At first I thought perhaps it wasn’t a very good piece of music, perhaps not an effective setting of the text. I didn’t think it was the conductor’s fault, because he had been so phenomenal on all the other pieces. But then something occurred to me.
As a conductor, he’s got to check his own reaction to the music he’s hearing, like a cook in front of a soup pot, making changes until it’s “just right.” But what if he has an automatic reaction to this music, because of the text? Suppose he doesn’t make any changes, doesn’t even really prepare the chorus properly, because the words already move him and he assumes everyone else is feeling the same way?
This has certainly happened to me as a writer, where I’m excited by what I’ve written, and continue to be excited when I read it. And yet, I might not have provided enough of what’s in my head to the readers for them to also be excited. I have to be extremely careful, both as a creator and a performer, that I have done due diligence to provide what I have learned the audience needs in my work: orientation, structure, balance.
And maybe we should all be careful, performers or not, as we communicate with each other. We regularly speak and post about the world, based on what we think is the whole truth.

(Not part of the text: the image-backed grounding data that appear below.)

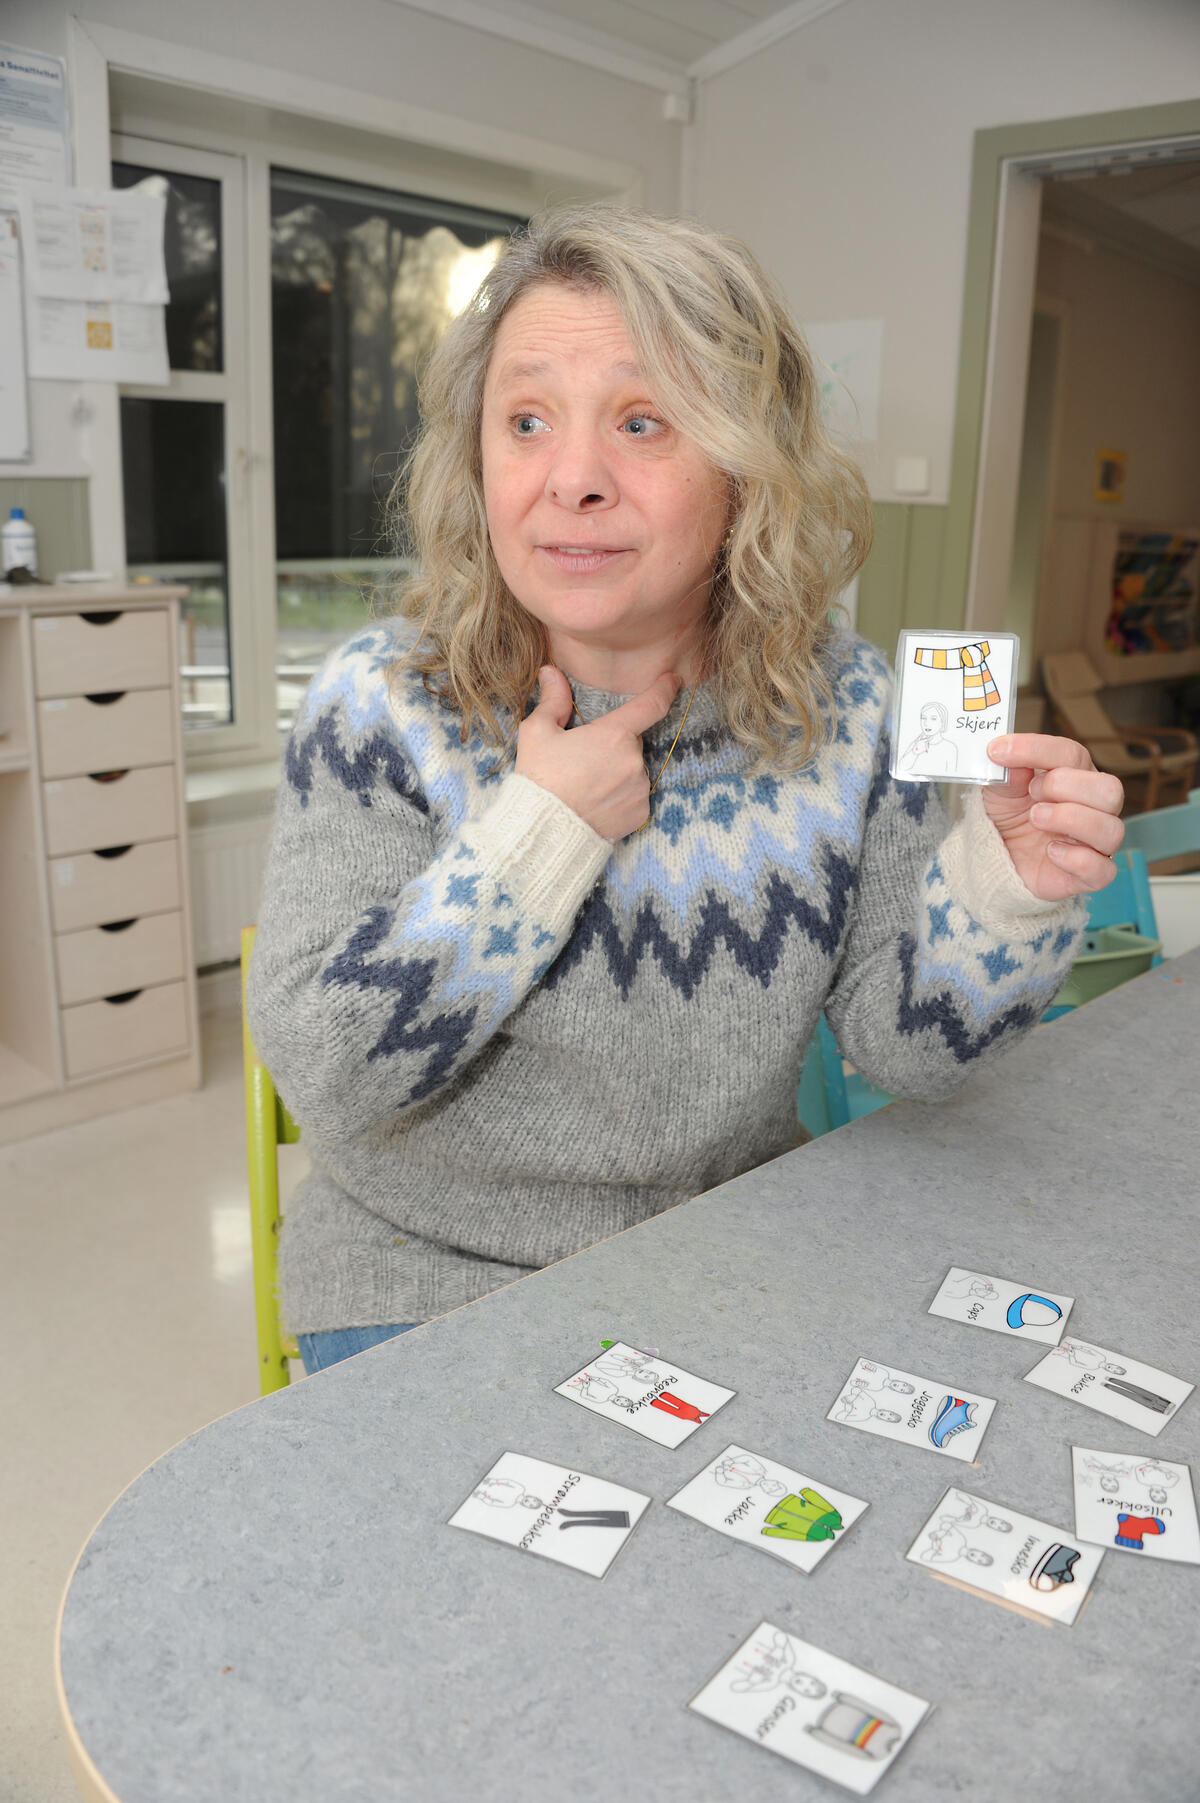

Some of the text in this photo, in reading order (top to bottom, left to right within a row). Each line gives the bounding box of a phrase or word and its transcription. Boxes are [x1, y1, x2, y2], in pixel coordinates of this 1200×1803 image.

[956, 716, 1001, 733] Skjerf
[967, 1303, 984, 1321] Caps
[626, 1375, 679, 1415] Regnbukse
[1071, 1373, 1095, 1394] Bukse
[907, 1390, 933, 1428] Joggesko
[519, 1473, 581, 1549] Strømpebukse
[724, 1496, 756, 1526] Jakke
[1096, 1497, 1173, 1517] Ullsokker
[1010, 1535, 1041, 1575] Innesko
[756, 1694, 797, 1740] Genser
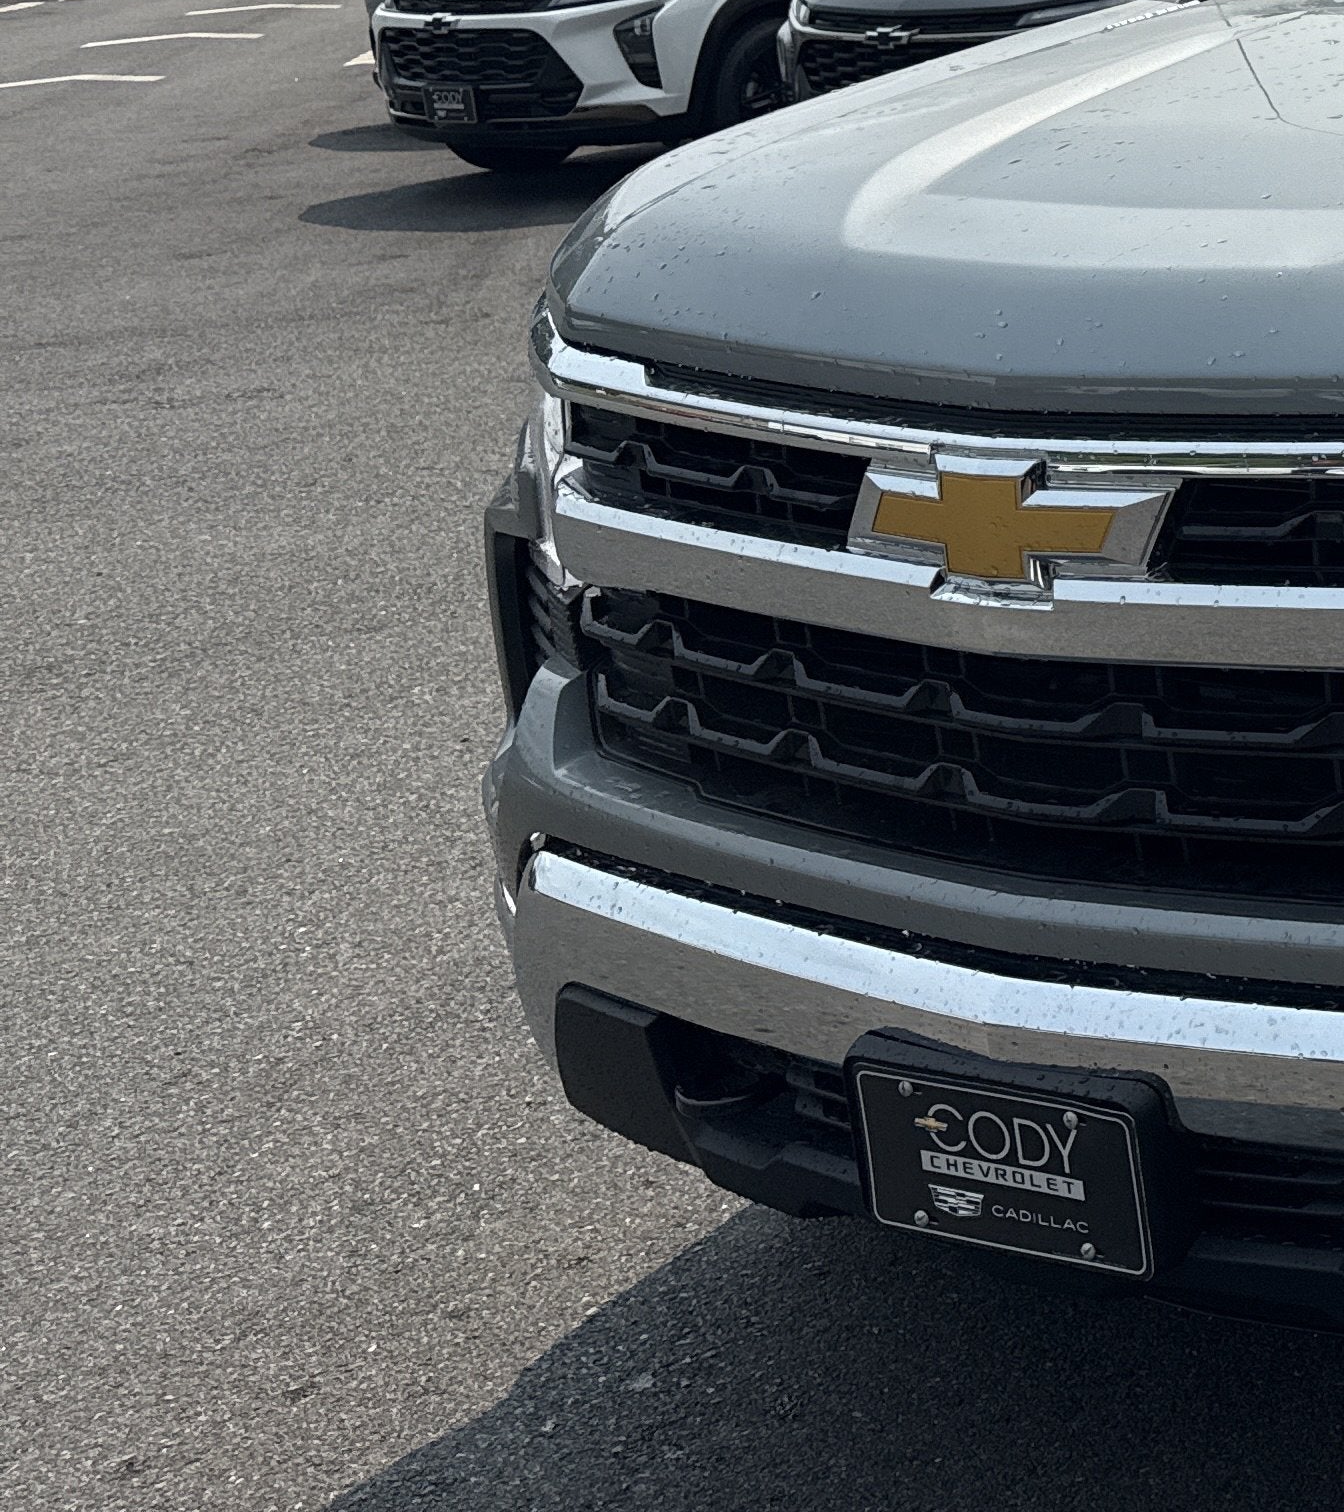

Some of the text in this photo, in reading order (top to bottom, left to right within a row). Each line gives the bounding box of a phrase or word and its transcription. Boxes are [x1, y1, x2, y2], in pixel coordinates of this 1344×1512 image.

Can we still trust ourselves to communicate and share, when we may be giving a very fragmented, even incorrect perspective?
I think I can trust myself if I’ve done the work. If I’ve shared with others and gotten their feedback, and made a decision about whether it meshes with my own opinion, then I’m willing to stick to my guns. I have to be brave enough to consider that my own “truths” may only be true in my own internal world, and that in order for it to be a trustworthy truth, it will have to survive in a larger one.